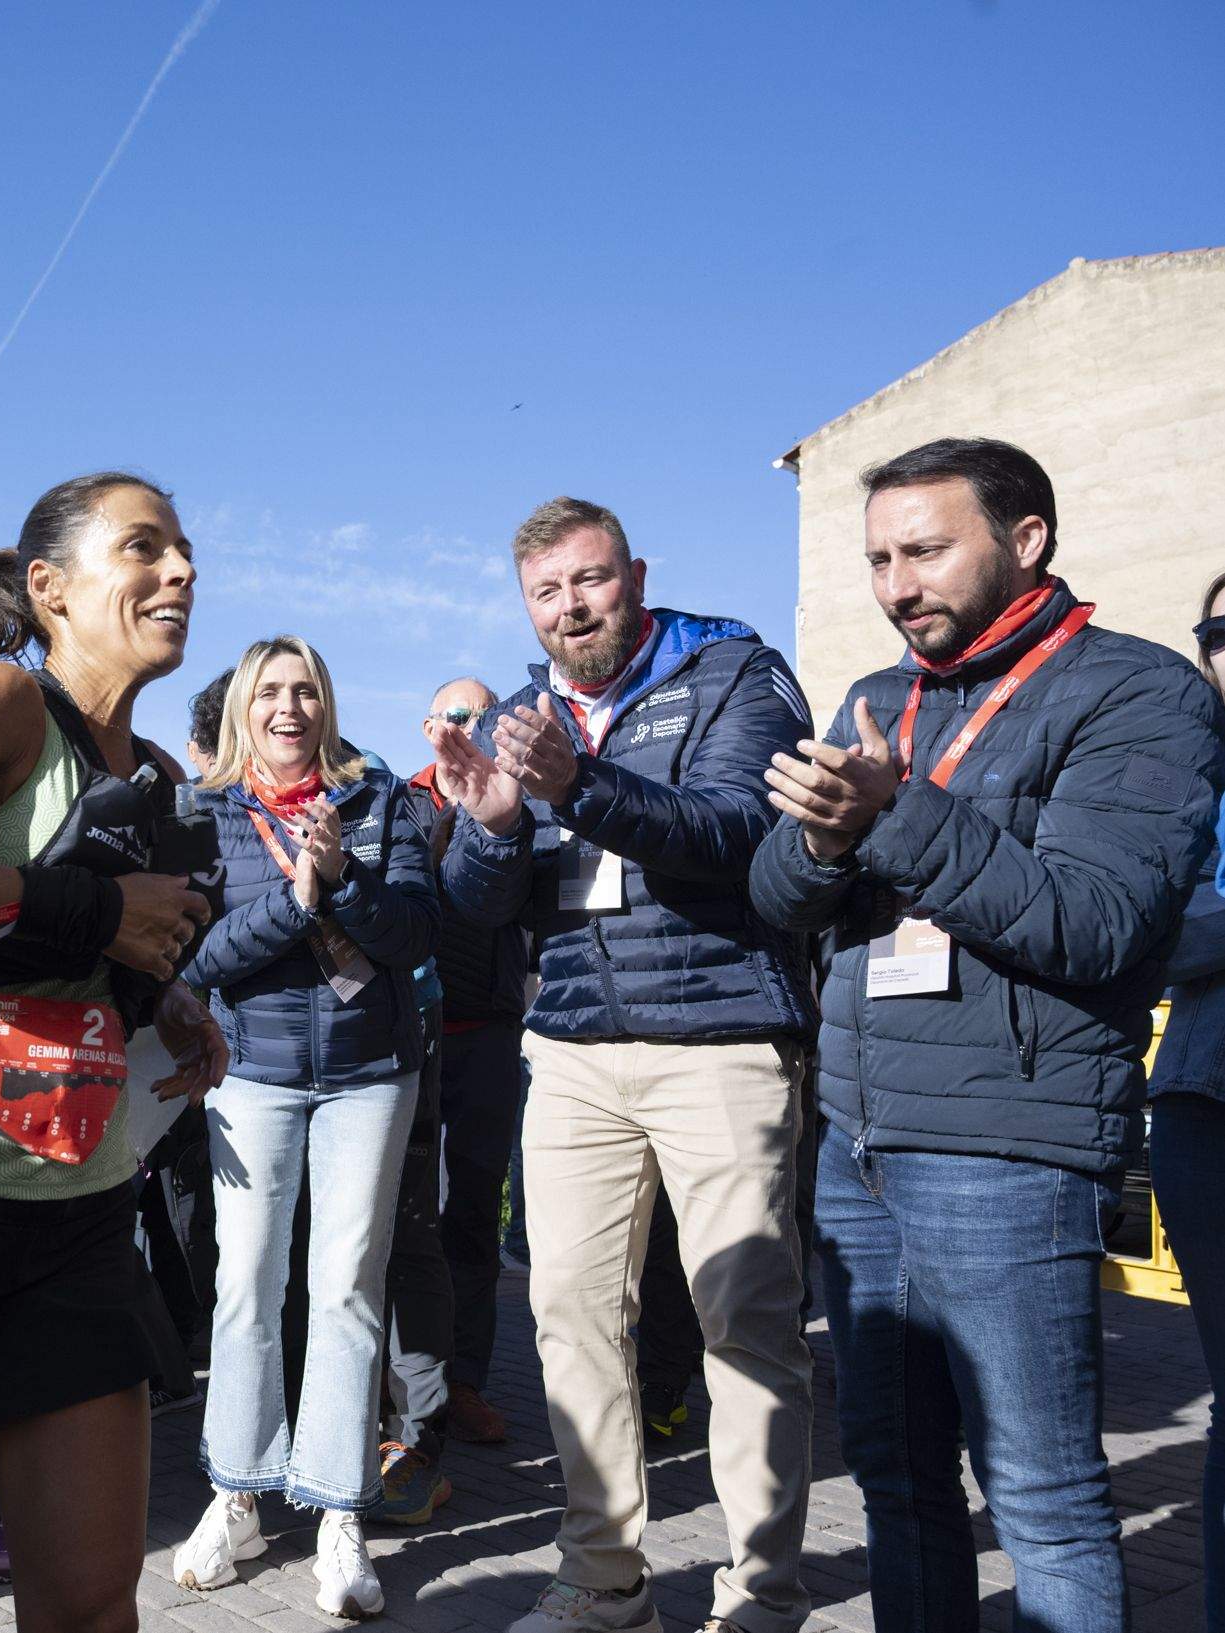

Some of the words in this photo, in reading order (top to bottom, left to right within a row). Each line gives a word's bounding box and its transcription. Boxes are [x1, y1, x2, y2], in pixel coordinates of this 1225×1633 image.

[653, 715, 688, 727] Castellón
[653, 722, 686, 732] Escenario
[653, 729, 686, 738] Deportivo
[81, 1008, 105, 1047] 2
[28, 1044, 70, 1060] GEMMA
[72, 1047, 106, 1063] ARENAS
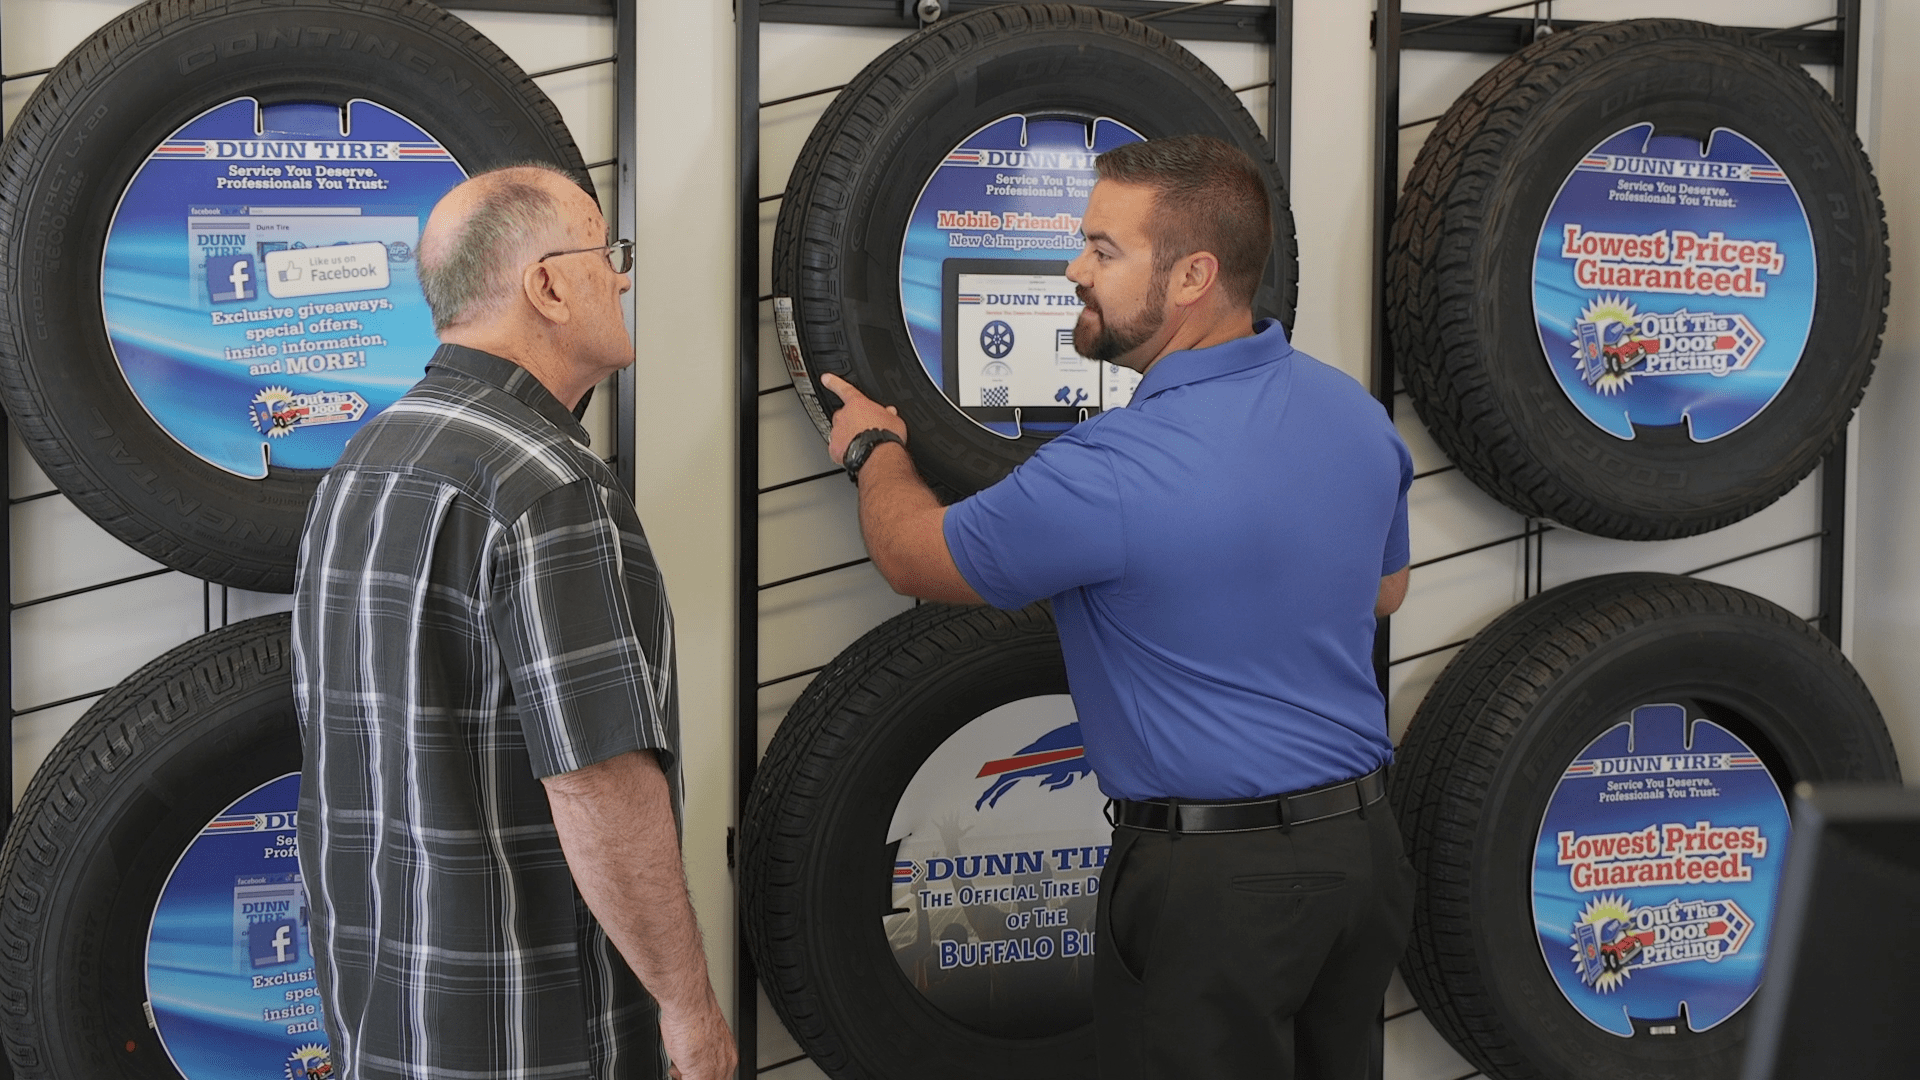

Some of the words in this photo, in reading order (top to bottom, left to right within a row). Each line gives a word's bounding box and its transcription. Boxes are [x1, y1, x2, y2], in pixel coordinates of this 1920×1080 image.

[216, 141, 306, 158] DUNN
[315, 142, 389, 159] TIRE
[987, 151, 1059, 168] DUNN
[1613, 157, 1674, 174] DUNN
[1680, 162, 1742, 179] TIRE
[228, 164, 281, 177] Service
[285, 164, 312, 177] You
[315, 164, 377, 177] Deserve.
[216, 177, 312, 189] Professionals
[316, 177, 343, 189] You
[995, 173, 1039, 186] Service
[1041, 174, 1064, 187] You
[1617, 178, 1654, 192] Service
[1656, 181, 1677, 194] You
[1679, 182, 1729, 197] Deserve.
[986, 184, 1063, 197] Professionals
[1067, 187, 1089, 198] You
[1608, 189, 1676, 205] Professionals
[1679, 194, 1700, 206] You
[191, 207, 221, 216] facebook
[256, 223, 274, 232] Dunn
[276, 223, 290, 231] Tire
[938, 212, 1000, 229] Mobile
[1005, 214, 1081, 234] Friendly
[197, 234, 246, 246] DUNN
[951, 234, 980, 247] New
[984, 235, 994, 247] &
[998, 236, 1062, 249] Improved
[202, 246, 242, 258] TIRE
[1564, 228, 1666, 260] Lowest
[1675, 235, 1781, 271] Prices,
[309, 257, 330, 267] Like
[331, 257, 342, 266] us
[346, 255, 357, 264] on
[311, 265, 377, 282] Facebook
[1577, 258, 1762, 293] Guaranteed.
[986, 294, 1040, 305] DUNN
[211, 306, 294, 325] Exclusive
[298, 298, 393, 318] giveaways,
[246, 322, 305, 341] special
[309, 318, 364, 333] offers,
[1641, 314, 1688, 337] Out
[1690, 317, 1729, 332] The
[225, 344, 278, 360] inside
[282, 334, 388, 354] information,
[1659, 333, 1716, 353] Door
[249, 360, 281, 376] and
[286, 351, 366, 374] MORE!
[1645, 352, 1730, 373] Pricing
[297, 394, 325, 405] Out
[1600, 756, 1662, 774] DUNN
[1667, 755, 1722, 771] TIRE
[1607, 779, 1643, 791] Service
[1645, 778, 1664, 789] You
[1666, 777, 1713, 787] Deserve.
[1599, 789, 1664, 802] Professionals
[1667, 789, 1686, 798] You
[1561, 831, 1656, 861] Lowest
[1665, 825, 1763, 853] Prices,
[926, 851, 1044, 881] DUNN
[1573, 853, 1748, 888] Guaranteed.
[238, 877, 266, 885] facebook
[920, 891, 952, 908] THE
[960, 884, 1037, 904] OFFICIAL
[1043, 880, 1080, 898] TIRE
[242, 901, 289, 914] DUNN
[1035, 908, 1067, 926] THE
[1636, 904, 1680, 931] Out
[1684, 904, 1719, 920] The
[1654, 921, 1709, 944] Door
[941, 938, 1053, 967] BUFFALO
[1642, 940, 1721, 965] Pricing
[252, 968, 316, 988] Exclusi
[264, 1003, 315, 1021] inside
[287, 1018, 318, 1035] and

# # # # #

Make an exact copy of the records, pictures excluded.

• _TASK ANSWER_
Some of the words in this photo, in reading order (top to bottom, left to right within a row). Each line gives a word's bounding box and its transcription. Boxes are [x1, y1, x2, y2], in pixel coordinates of this 1225×1633 image.

[653, 715, 688, 727] Castellón
[653, 722, 686, 732] Escenario
[653, 729, 686, 738] Deportivo
[81, 1008, 105, 1047] 2
[28, 1044, 70, 1060] GEMMA
[72, 1047, 106, 1063] ARENAS

Some of the words in this photo, in reading order (top to bottom, left to right within a row). Each line gives a word's bounding box and its transcription. Boxes are [x1, y1, x2, y2], in pixel coordinates of this 1920×1080 image.

[216, 141, 306, 158] DUNN
[315, 142, 389, 159] TIRE
[987, 151, 1059, 168] DUNN
[1613, 157, 1674, 174] DUNN
[1680, 162, 1742, 179] TIRE
[228, 164, 281, 177] Service
[285, 164, 312, 177] You
[315, 164, 377, 177] Deserve.
[216, 177, 312, 189] Professionals
[316, 177, 343, 189] You
[995, 173, 1039, 186] Service
[1041, 174, 1064, 187] You
[1617, 178, 1654, 192] Service
[1656, 181, 1677, 194] You
[1679, 182, 1729, 197] Deserve.
[986, 184, 1063, 197] Professionals
[1067, 187, 1089, 198] You
[1608, 189, 1676, 205] Professionals
[1679, 194, 1700, 206] You
[191, 207, 221, 216] facebook
[256, 223, 274, 232] Dunn
[276, 223, 290, 231] Tire
[938, 212, 1000, 229] Mobile
[1005, 214, 1081, 234] Friendly
[197, 234, 246, 246] DUNN
[951, 234, 980, 247] New
[984, 235, 994, 247] &
[998, 236, 1062, 249] Improved
[202, 246, 242, 258] TIRE
[1564, 228, 1666, 260] Lowest
[1675, 235, 1781, 271] Prices,
[309, 257, 330, 267] Like
[331, 257, 342, 266] us
[346, 255, 357, 264] on
[311, 265, 377, 282] Facebook
[1577, 258, 1762, 293] Guaranteed.
[986, 294, 1040, 305] DUNN
[211, 306, 294, 325] Exclusive
[298, 298, 393, 318] giveaways,
[246, 322, 305, 341] special
[309, 318, 364, 333] offers,
[1641, 314, 1688, 337] Out
[1690, 317, 1729, 332] The
[225, 344, 278, 360] inside
[282, 334, 388, 354] information,
[1659, 333, 1716, 353] Door
[249, 360, 281, 376] and
[286, 351, 366, 374] MORE!
[1645, 352, 1730, 373] Pricing
[297, 394, 325, 405] Out
[1600, 756, 1662, 774] DUNN
[1667, 755, 1722, 771] TIRE
[1607, 779, 1643, 791] Service
[1645, 778, 1664, 789] You
[1666, 777, 1713, 787] Deserve.
[1599, 789, 1664, 802] Professionals
[1667, 789, 1686, 798] You
[1561, 831, 1656, 861] Lowest
[1665, 825, 1763, 853] Prices,
[926, 851, 1044, 881] DUNN
[1573, 853, 1748, 888] Guaranteed.
[238, 877, 266, 885] facebook
[920, 891, 952, 908] THE
[960, 884, 1037, 904] OFFICIAL
[1043, 880, 1080, 898] TIRE
[242, 901, 289, 914] DUNN
[1035, 908, 1067, 926] THE
[1636, 904, 1680, 931] Out
[1684, 904, 1719, 920] The
[1654, 921, 1709, 944] Door
[941, 938, 1053, 967] BUFFALO
[1642, 940, 1721, 965] Pricing
[252, 968, 316, 988] Exclusi
[264, 1003, 315, 1021] inside
[287, 1018, 318, 1035] and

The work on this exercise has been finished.